Slow-cooked for eight hours with ancho chilis and lots of spices. A fall apart flavorful Mexican style pork.
This is one of my favorite go-to Mexican style pork recipes. It is braised in a slow cooker, so I like to start it before I go to bed. I really love it when I can cook things overnight. I wake up in the morning and have all of those yummy aromas drifting through the house! Mmmmm…It’s very comforting and it gets me fired up for the day(food) ahead. Now what to make with it?
This pork can be used for many different recipes from tacos to empanadas, and soups to pasta. But it is especially good for making enchiladas. No need to make a separate sauce, just spoon some of the pork sauce in a baking dish, wrap some pork and cheese in corn tortillas, top with more sauce and cheese, then bake. Garnish with your favorite toppings and voila! Easy and delicious!

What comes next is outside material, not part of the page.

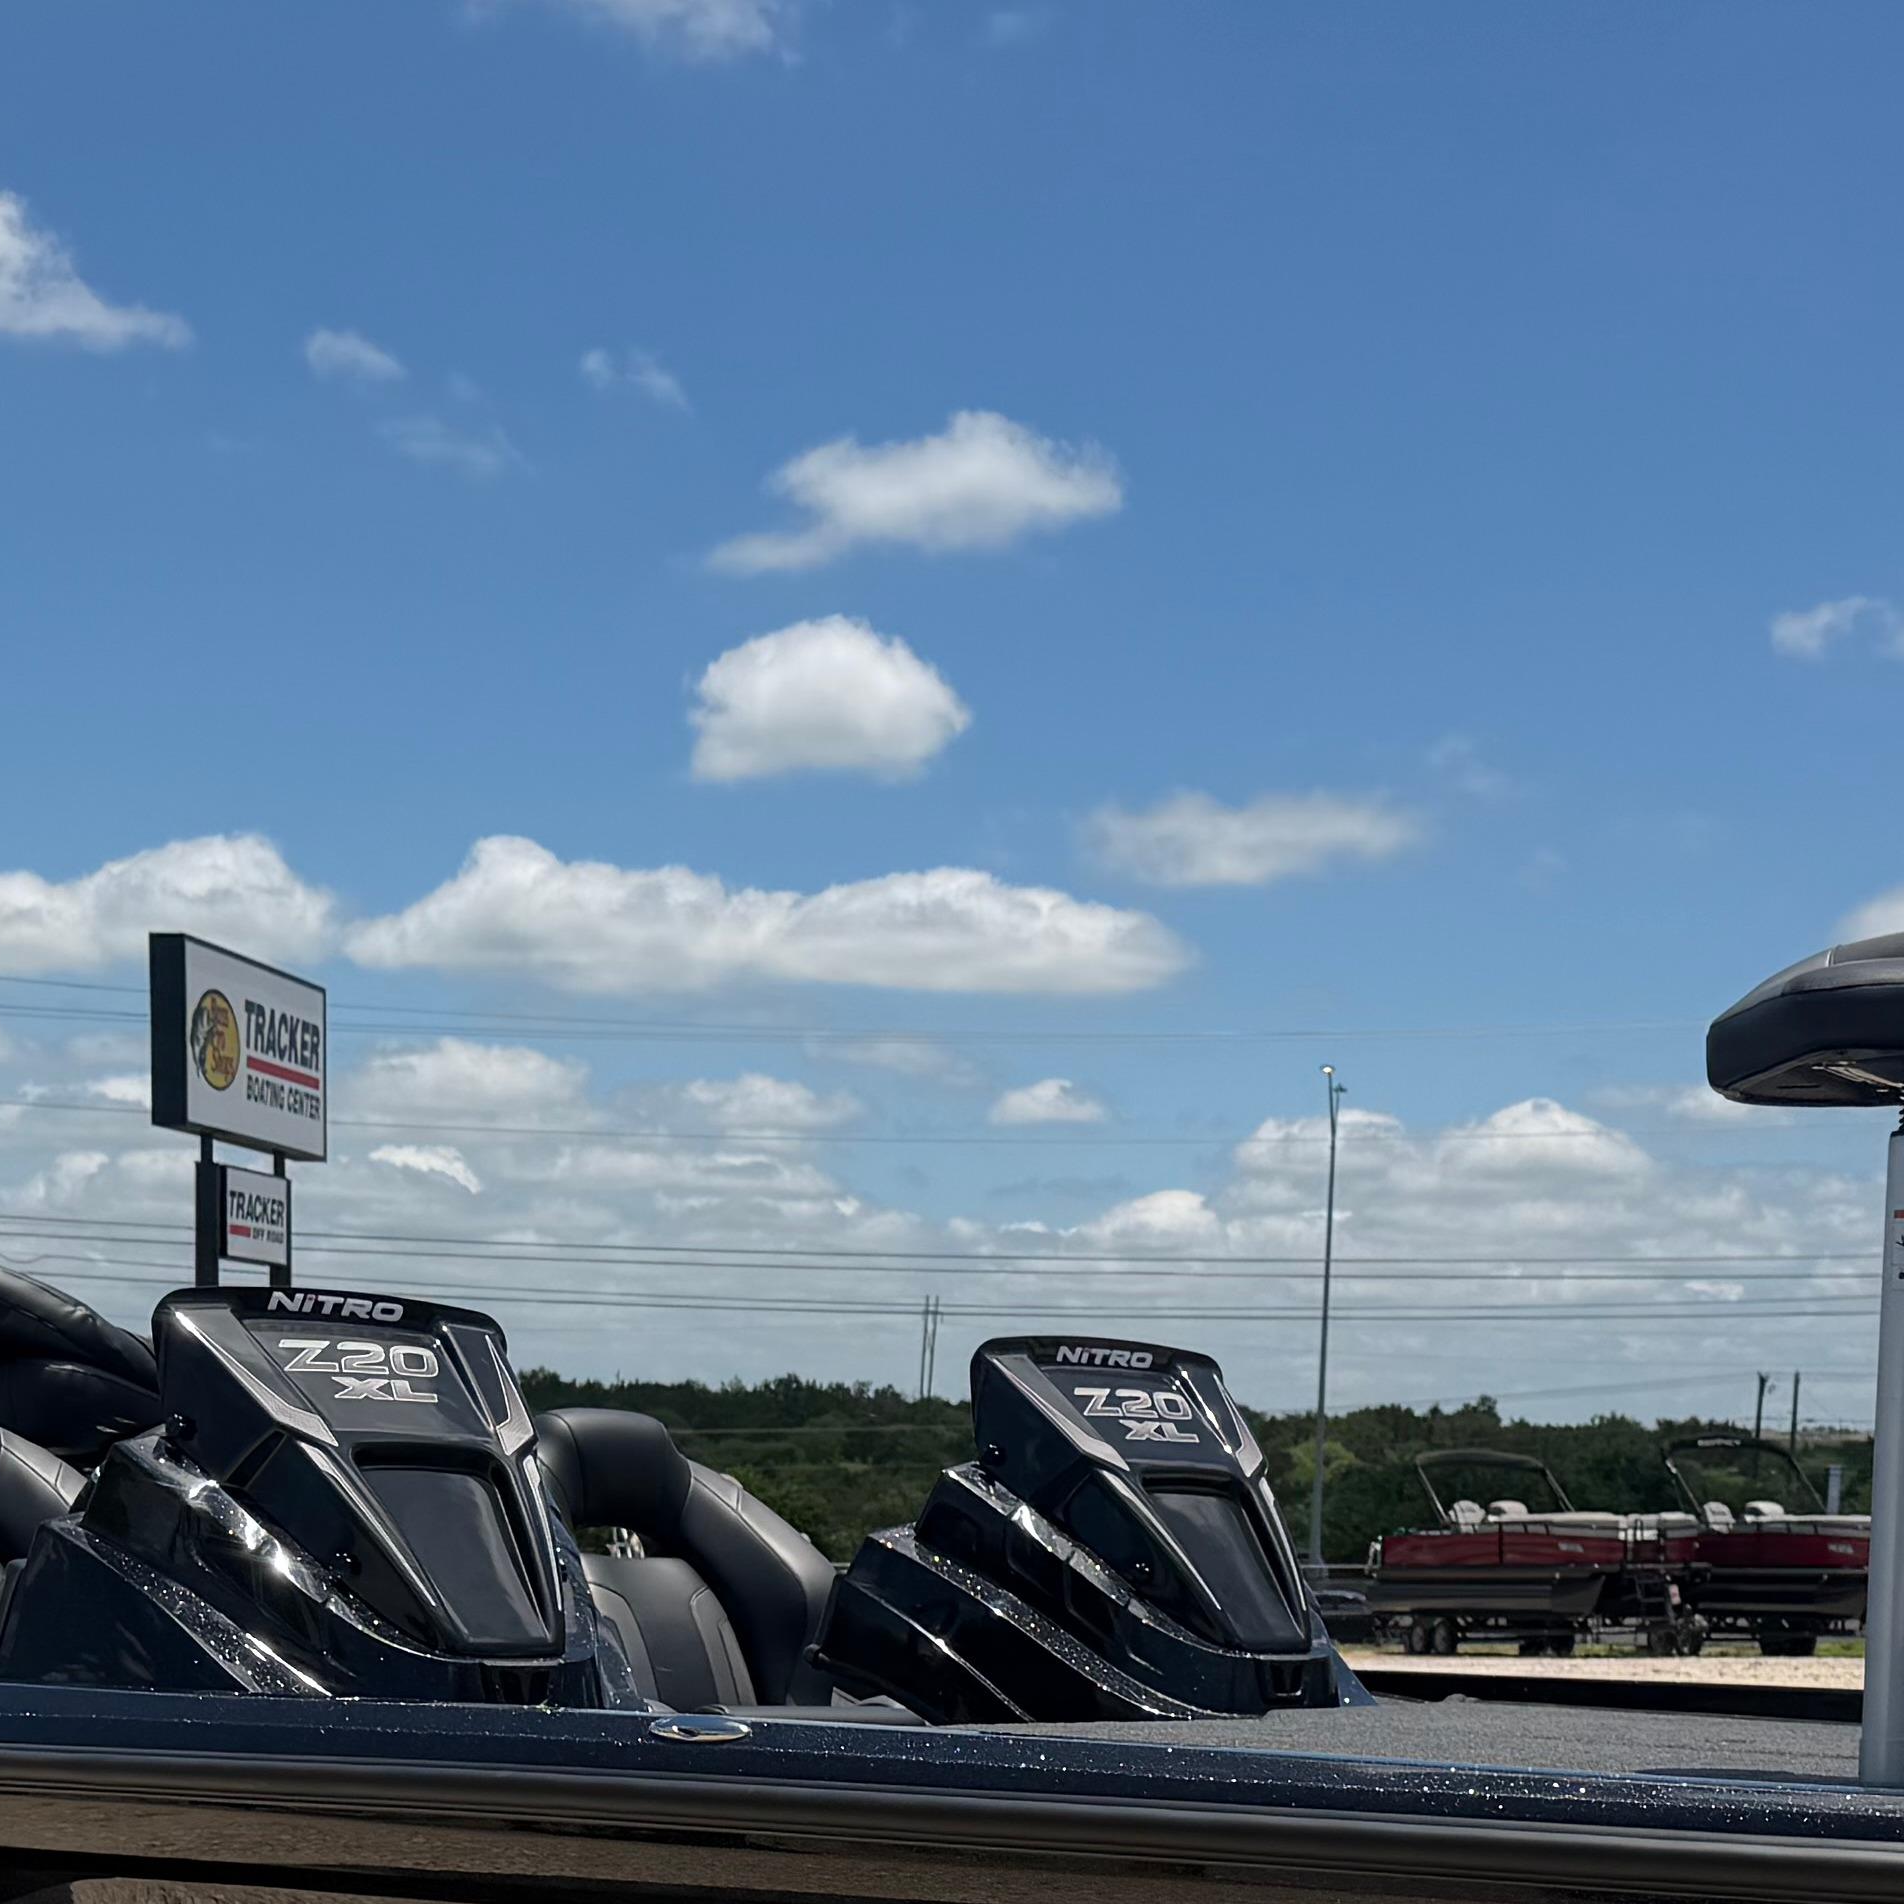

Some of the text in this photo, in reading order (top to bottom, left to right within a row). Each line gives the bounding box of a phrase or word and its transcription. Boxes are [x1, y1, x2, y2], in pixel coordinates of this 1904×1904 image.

Ancho Braised Pork Shoulder
- 4 pounds pork shoulder
- 6 oz tomato paste
- 6-8 garlic cloves
- 1 pasilla chili stem and some seeds removed
- 2 ancho chili stem and some seeds removed
- 1 onion rough chopped
- 1 tsp cumin
- 2 bay leaves
- 1 tsp oregano
- 1 tsp pepper
- 1 1/4 tsp salt
- 1 tbsp chili powder
- 1 bunch sage
- 5 spigs thyme
- 24 oz chicken stock
- 2 limes juiced
- Place all the ingredients except lime juice in a slow cooker. Turn on high until liquid starts to simmer. Turn to low and cook for 8 hours. Meat should be falling apart when done.
- Remove pork from liquid and set aside.
- Skim the fat from the liquid. Place liquid in a pot and reduce by half. Remove the bay leaf, thyme and sage stems. Add lime juice to the liquid and blend in a blender until smooth.
- Shred pork and add enough sauce to coat the pork. Season with salt if needed. Reserve any extra sauce for another use.